• **YOUR GOAL**
Drop the pictures and restate the rest of the listing word for word.

• **EXERCISE DATA**
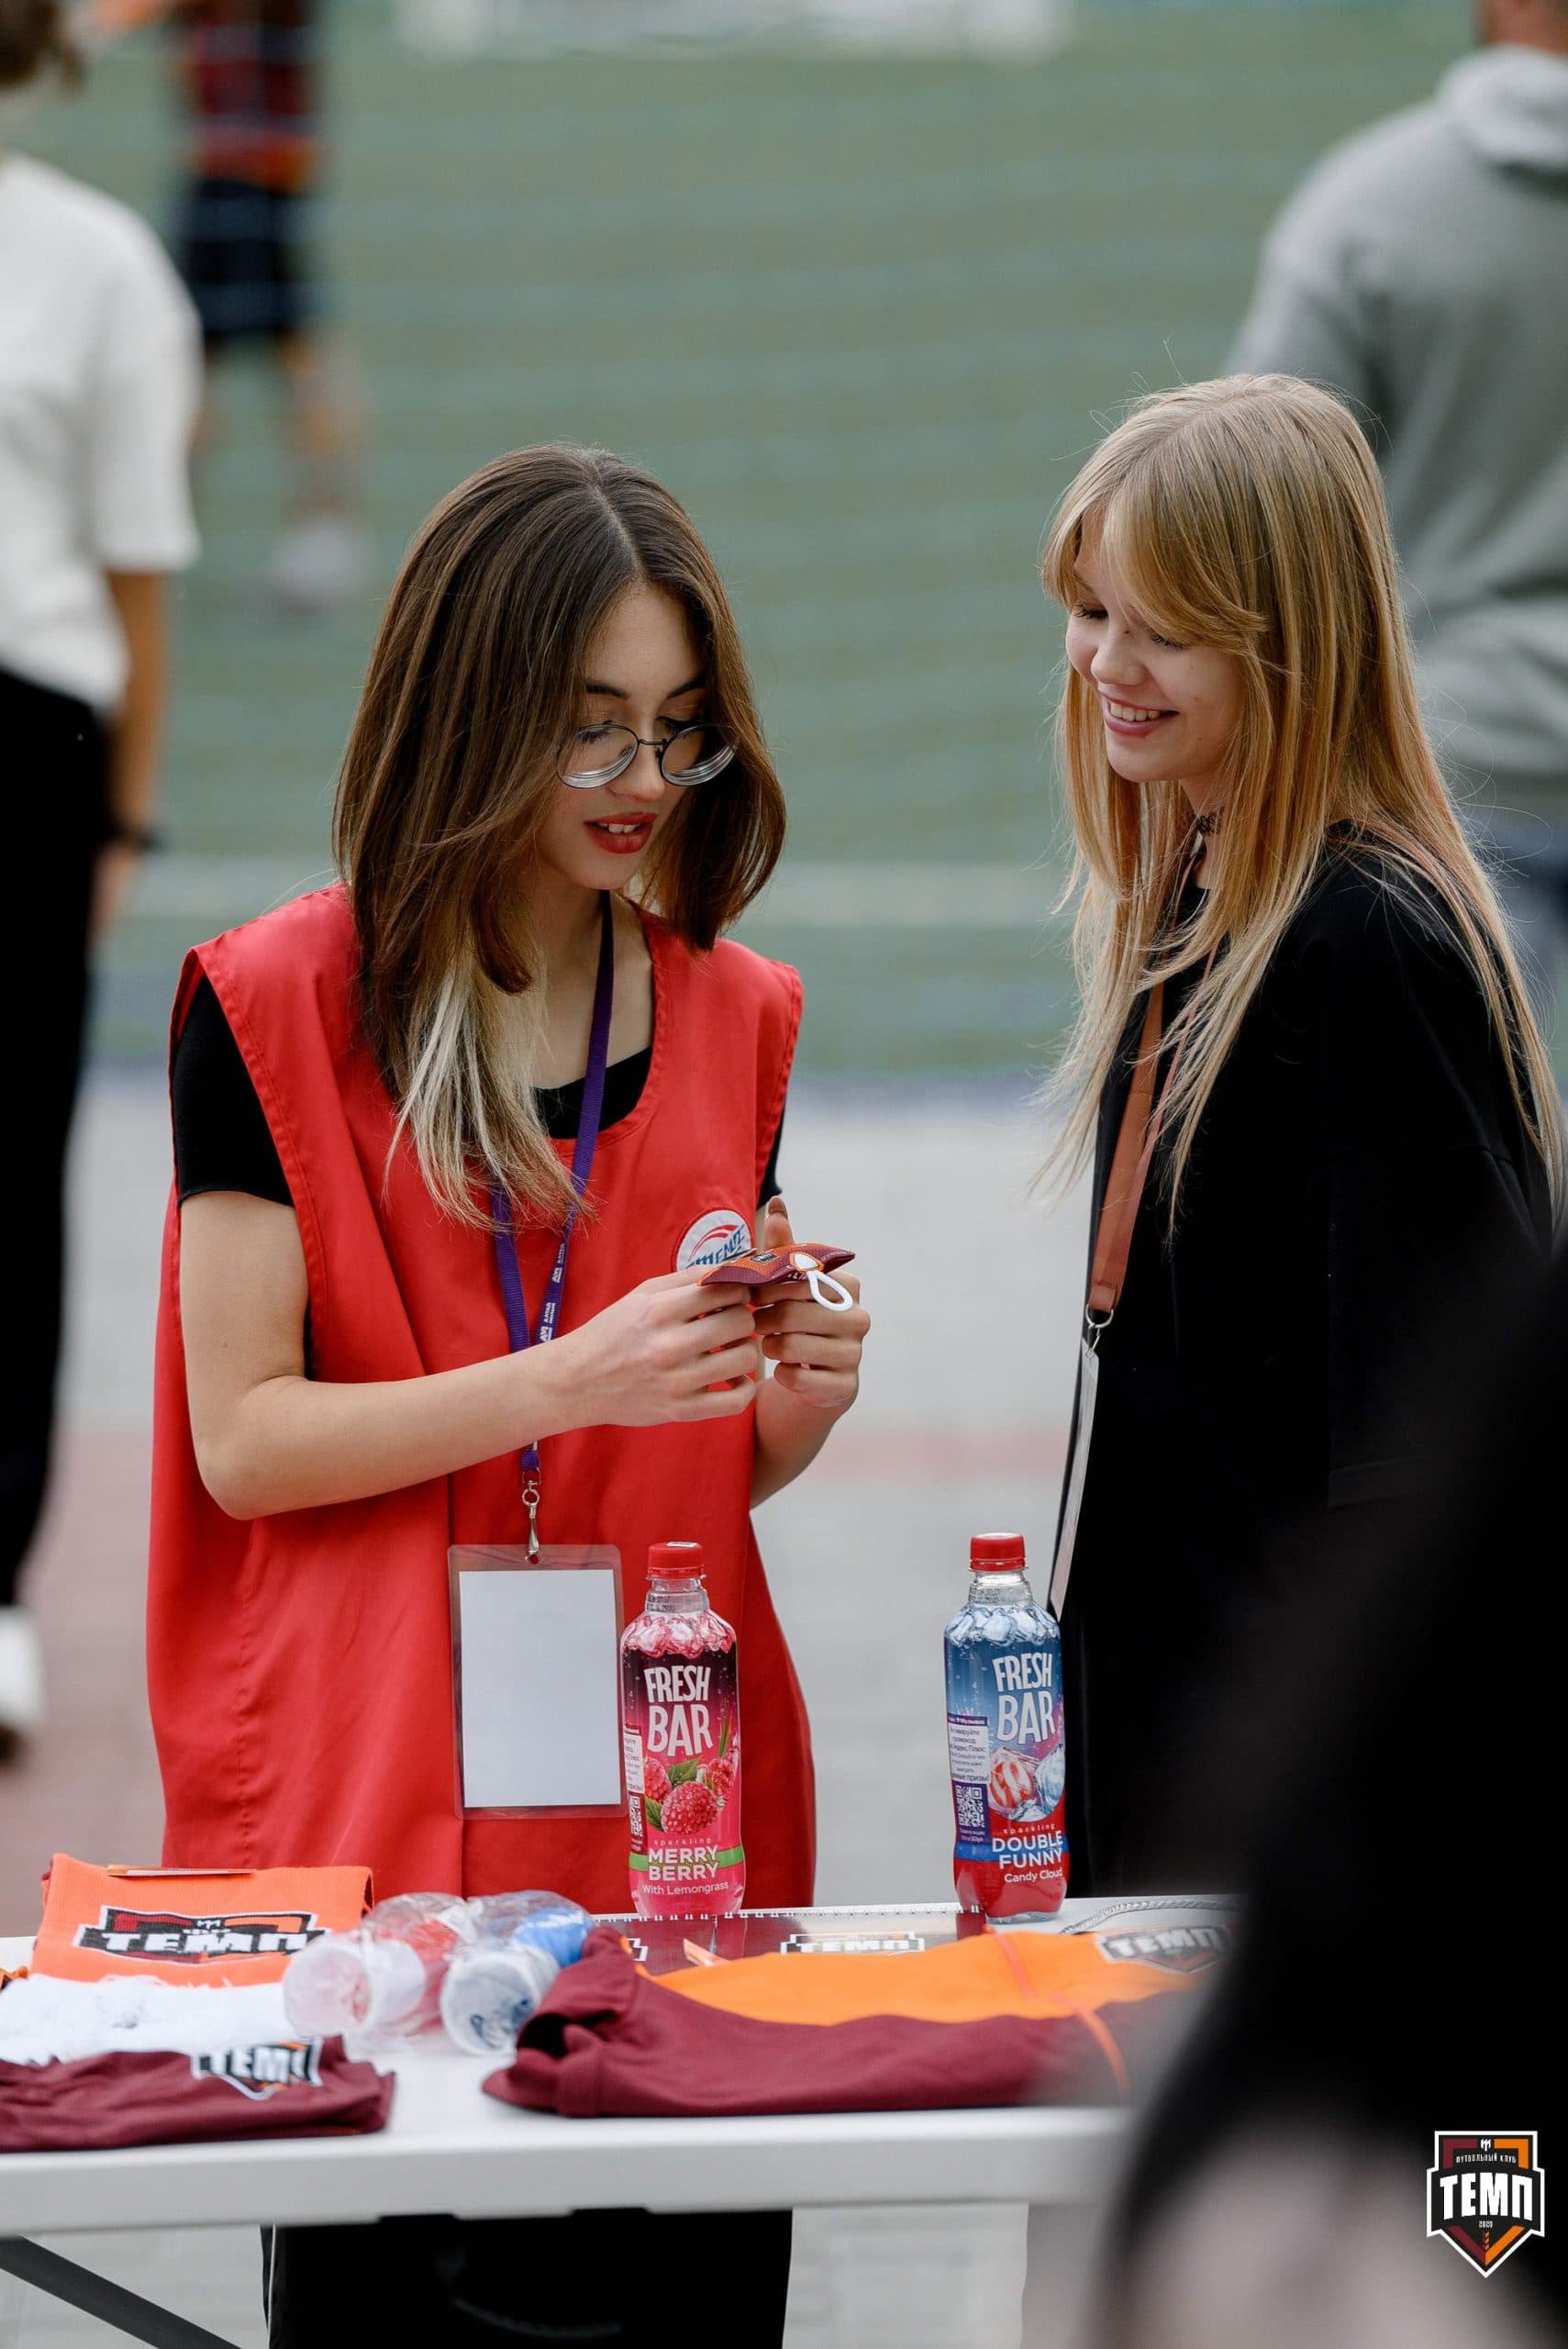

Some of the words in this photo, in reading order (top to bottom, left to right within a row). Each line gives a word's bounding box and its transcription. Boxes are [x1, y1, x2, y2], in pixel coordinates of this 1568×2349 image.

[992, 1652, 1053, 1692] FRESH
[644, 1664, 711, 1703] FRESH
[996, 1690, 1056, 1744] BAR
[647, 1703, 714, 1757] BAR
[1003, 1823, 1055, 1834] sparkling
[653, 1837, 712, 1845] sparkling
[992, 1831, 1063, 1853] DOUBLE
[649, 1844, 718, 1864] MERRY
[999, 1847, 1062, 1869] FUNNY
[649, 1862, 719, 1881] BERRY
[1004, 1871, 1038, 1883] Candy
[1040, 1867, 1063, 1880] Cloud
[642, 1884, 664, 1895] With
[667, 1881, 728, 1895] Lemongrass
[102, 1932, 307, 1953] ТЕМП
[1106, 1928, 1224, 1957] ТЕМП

• **RESPONSE TO THIS EXERCISE**
Some of the words in this photo, in reading order (top to bottom, left to right within a row). Each line gives a word's bounding box and its transcription. Boxes are [x1, y1, x2, y2], in pixel coordinates of this 1568×2349 image.

[992, 1652, 1053, 1692] FRESH
[644, 1664, 711, 1703] FRESH
[996, 1690, 1056, 1744] BAR
[647, 1703, 714, 1757] BAR
[1003, 1823, 1055, 1834] sparkling
[653, 1837, 712, 1845] sparkling
[992, 1831, 1063, 1853] DOUBLE
[649, 1844, 718, 1864] MERRY
[999, 1847, 1062, 1869] FUNNY
[649, 1862, 719, 1881] BERRY
[1004, 1871, 1038, 1883] Candy
[1040, 1867, 1063, 1880] Cloud
[642, 1884, 664, 1895] With
[667, 1881, 728, 1895] Lemongrass
[102, 1932, 307, 1953] ТЕМП
[1106, 1928, 1224, 1957] ТЕМП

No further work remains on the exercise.